I thought this post might be basically about bruised knees, because it is a family joke that every time I do  a long distant flight I am always behind the only person in the row in front who throws their chair into full recline mode without so much as a by your leave and I end up with many hours of painful pressure on my knees while desperately trying to do the exercises they recommend you do with your feet to obviate the risk of a DVT.
 
(As a digression I used to wear those travelling socks that they said also helped, until I read something that said actually unless they were specially made to measure to fit your own particular legs then they increased rather than decreased the risk. Hmmmm.)
 
The trip back from Sydney was no exception.
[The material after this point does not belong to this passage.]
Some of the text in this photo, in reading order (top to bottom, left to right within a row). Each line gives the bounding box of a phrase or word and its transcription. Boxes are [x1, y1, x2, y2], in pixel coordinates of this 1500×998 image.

Before the flight even got off the ground the woman in front with the tangly hair and the strangely rigid expression had stuck on the Qantas headphones, belted herself up and then pressed the button in the arm rest and bounced onto my knees. I was not impressed. But actually she pales into insignificance.......
 
because when we got back on the plane after a refuelling stop in Dubai there was this eejit two rows in front, who refused the air stewardess' request that he switch off his mobile phone. Not once but several times. I couldn't hear what he was saying, but eventually she said she would have to get her supervisor. The moment she walked away he took the phone out of his shirt pocket and switched it off. The supervisor came and when the passenger said he had now switched off the phone, the supervisor asked him to get it out so he could check. The passenger refused. Over and over again. By this time we were taxi-ing towards the runway and eventually the staff member said that neither he, the pilot nor air traffic control had the time for the argument. If the passenger wouldn't show him that the phone was switched off then there was no alternative but to take the plane back to the parking rank. The passenger made some reply to the effect that 'Ha, that wasn't going to happen', and the supervisor took himself off to the internal phone and called the captain.
 
At which point the passenger took the phone out of his pocket, waved it at the supervisor and graciously allowed the steward to check that he had indeed switched it off. And we continued on our merry way.
 
So, what was the point of all that grandstanding? At no time did the guy appear to have any justification for his actions other than some sort of in-bred desire to be truculent. All he did was make lots of his fellow passengers cross and himself look a prat. People do occasionally astound me, in a bad sort of way.